Violet Valerie French was born on 13 February 1909 at Pietermaritzburg, Natal, South Africa, the daughter of English cricketer Lt Col the Hon Edward Gerald Fleming French (1883–1970), Deputy Governor of Dartmoor Prison and Governor of Newcastle Prison, and Leila Elizabeth Fyfe King (d. 1959), daughter of Robert King, of Natal, South Africa. Her grandfather was John French, 1st Earl of Ypres.

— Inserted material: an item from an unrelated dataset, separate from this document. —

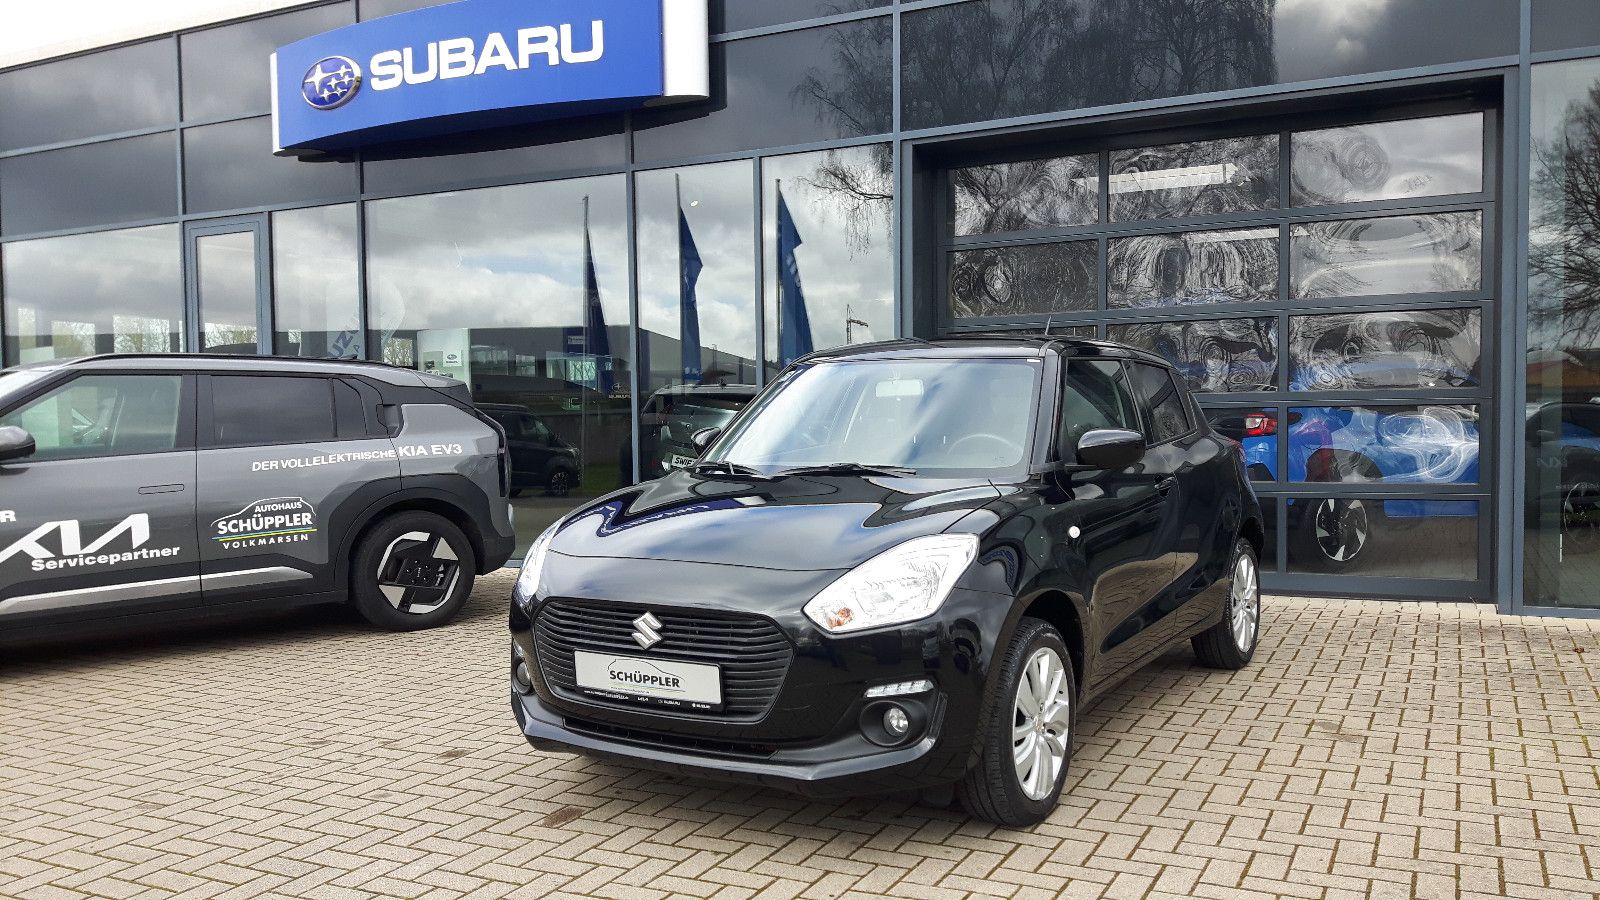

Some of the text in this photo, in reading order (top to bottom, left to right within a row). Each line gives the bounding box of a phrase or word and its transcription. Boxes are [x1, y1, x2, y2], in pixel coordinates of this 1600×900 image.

In 1930, she was included, together with her sister, in The Book of Beauty by Cecil Beaton, which documented the "Bright Young Things" socialites of the 1920s. Beaton wrote: "Valerie, pink and white like sugar-coated almonds, with slow, brown eyes and pale corn-coloured hair, has the more flawless face. Her nose is perfection."

She died on 18 July 1997, in Swindon, Wiltshire, England.

==Marriages==

In 1926, she was engaged to Henry Bradley Martin, a Manhattan socialite. In 1929, she rushed to the United States to assist him after he was injured in an automobile accident in Colorado. The engagement was subsequently broken.

On 21 April 1931, she married Victor Brougham, 4th Baron Brougham and Vaux. They had one son, Julian Henry Peter Brougham (1932–1952), who was killed while on active service in Malaya in 1952, aged 19. They divorced in 1934.

On 26 November 1936, she married Captain Hon. Philip Leyland Kindersley (1907–1995), fourth son of Robert Kindersley, 1st Baron Kindersley and Gladys Margaret Beadle. They had three children: Nicoletta Leila Kindersley (b. 1939), Virginia Alexandra de L'Estang Kindersley (b. 1943), and Christian Philip Kindersley (b. 1950).